• **ABOUT THIS EXERCISE**: Each entry below should be output exactly, apart from its images.
■ ■ ■ ■ ■ ■ ■
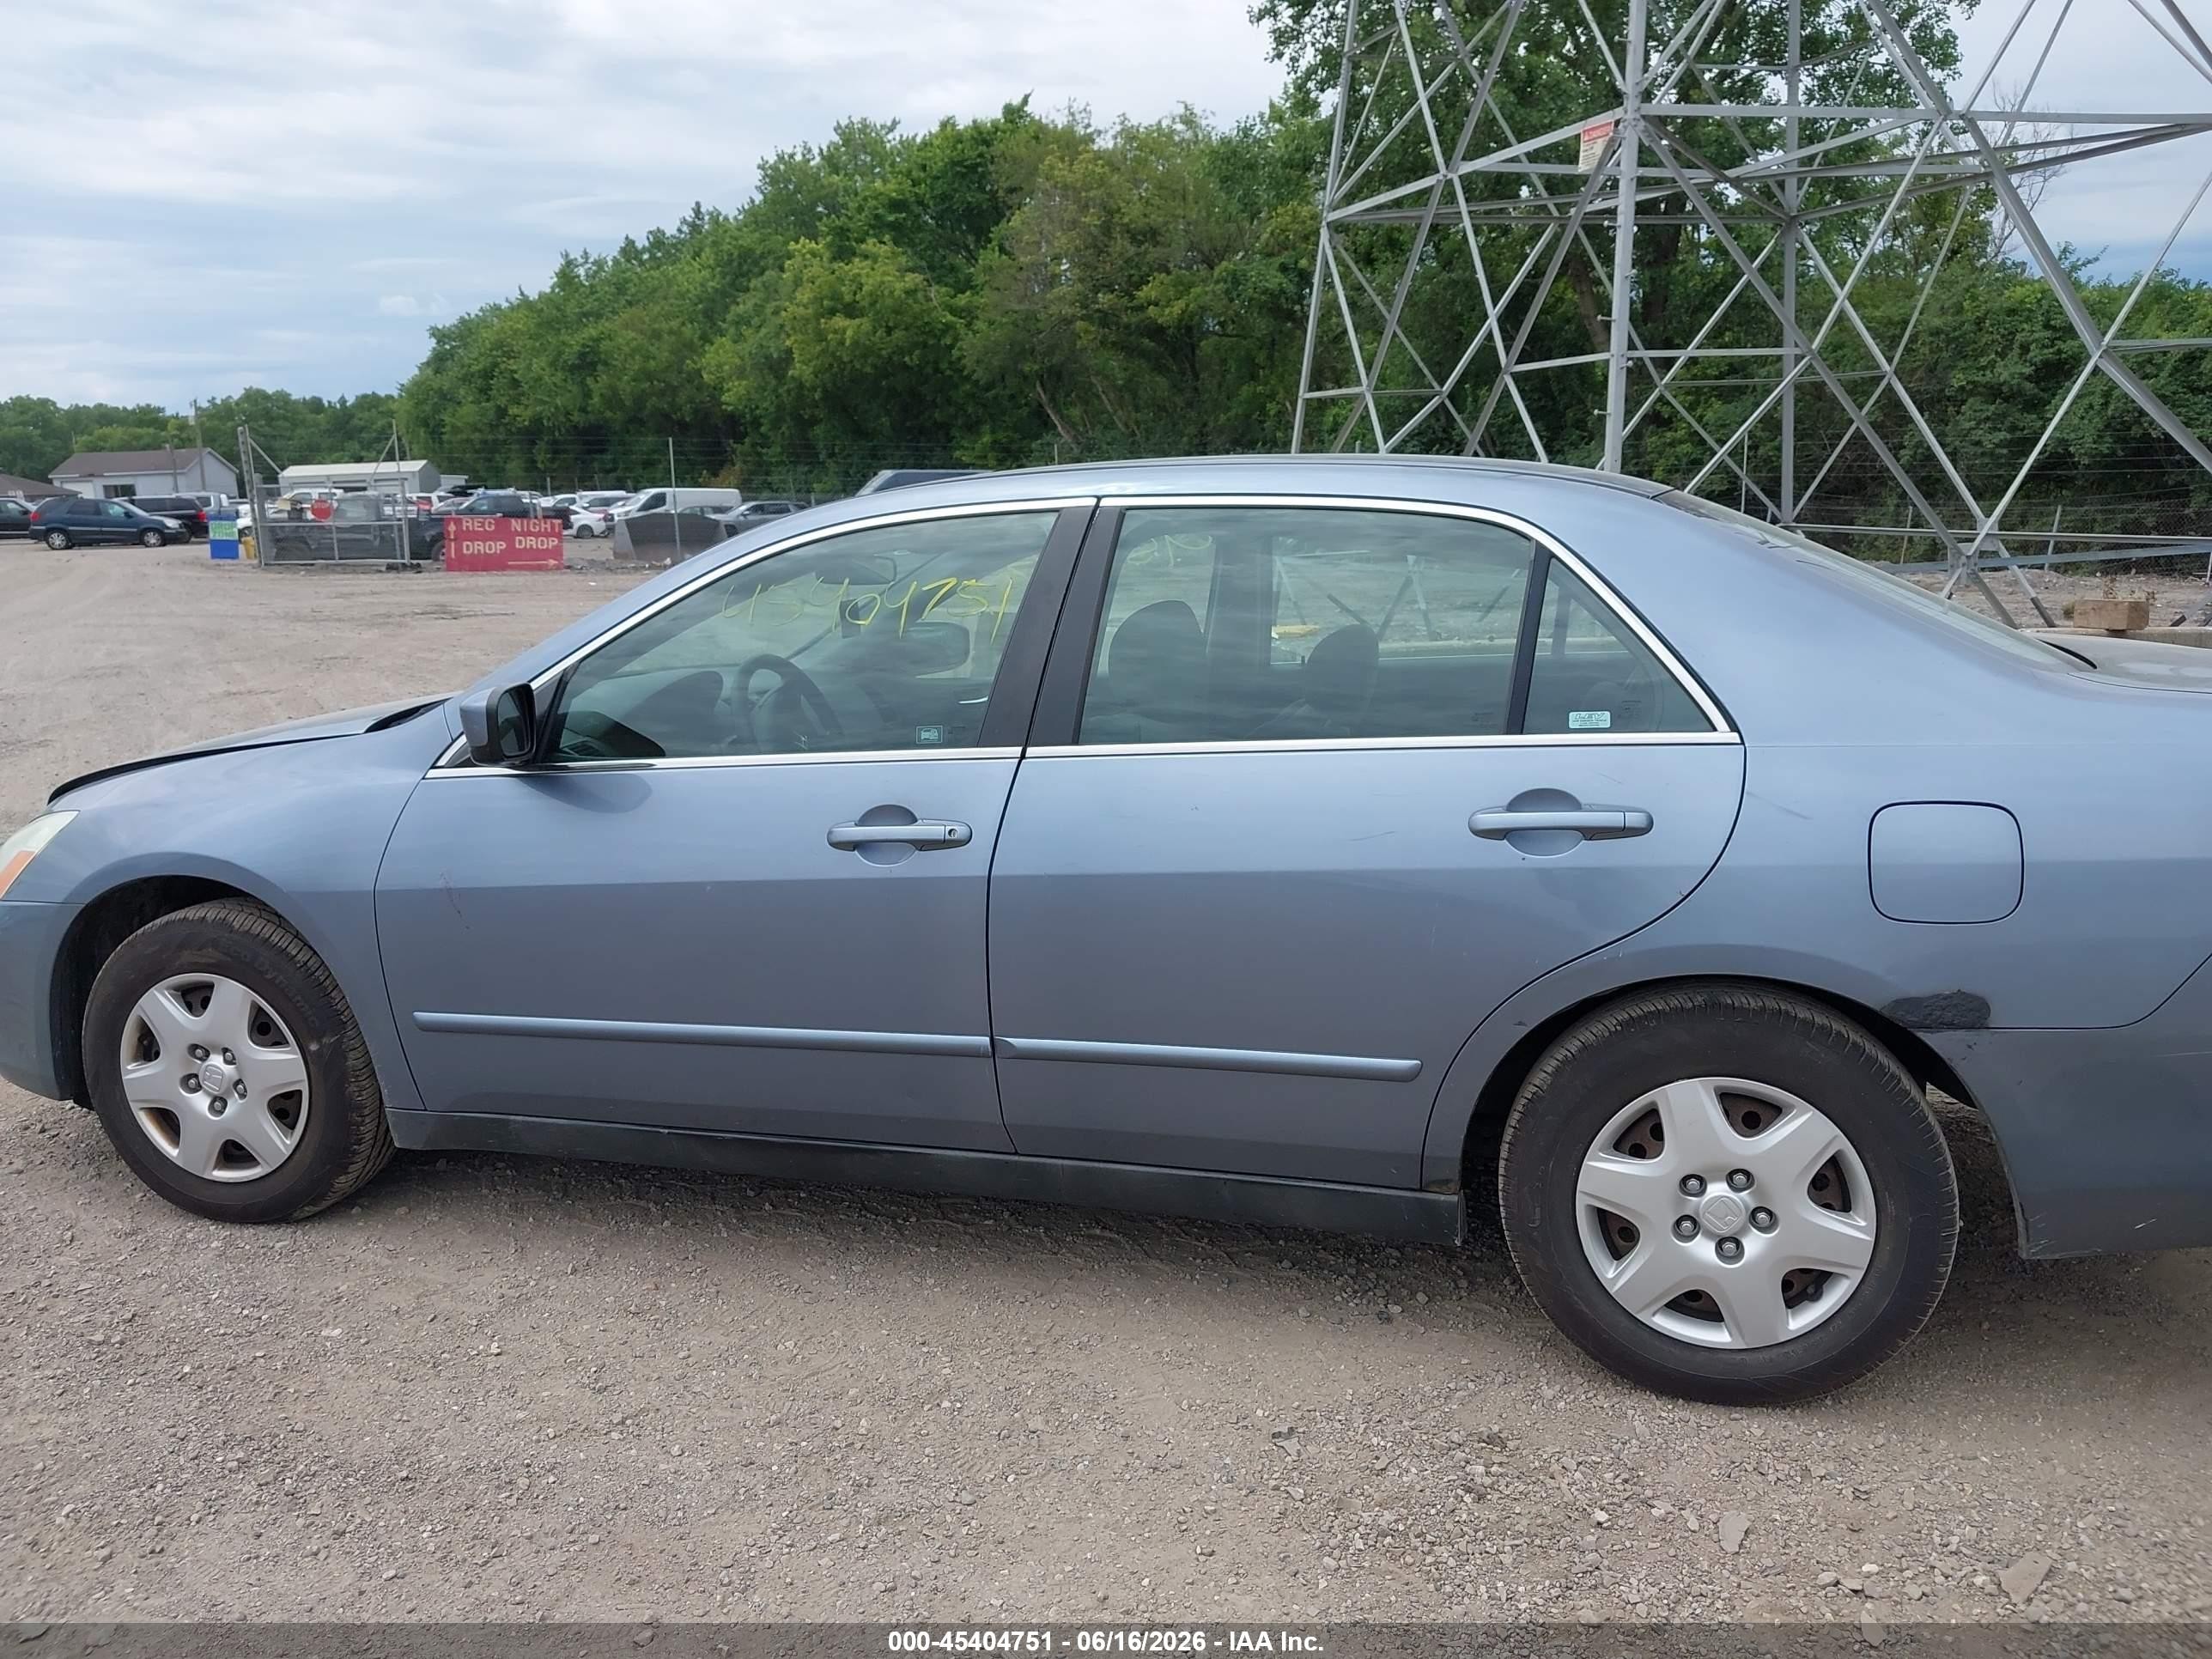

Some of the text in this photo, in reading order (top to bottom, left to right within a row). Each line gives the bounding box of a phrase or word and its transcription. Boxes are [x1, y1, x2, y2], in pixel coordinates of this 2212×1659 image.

[463, 519, 495, 531] REG
[511, 519, 562, 532] NIGHT
[463, 541, 507, 555] DROP
[515, 536, 558, 550] DROP
[723, 576, 1013, 646] 45404751
■ ■ ■ ■ ■ ■ ■
• **ANSWER BOX**:
Some of the text in this photo, in reading order (top to bottom, left to right within a row). Each line gives the bounding box of a phrase or word and its transcription. Boxes are [x1, y1, x2, y2], in pixel coordinates of this 2212×1659 image.

[463, 519, 495, 531] REG
[511, 519, 562, 532] NIGHT
[463, 541, 507, 555] DROP
[515, 536, 558, 550] DROP
[723, 576, 1013, 646] 45404751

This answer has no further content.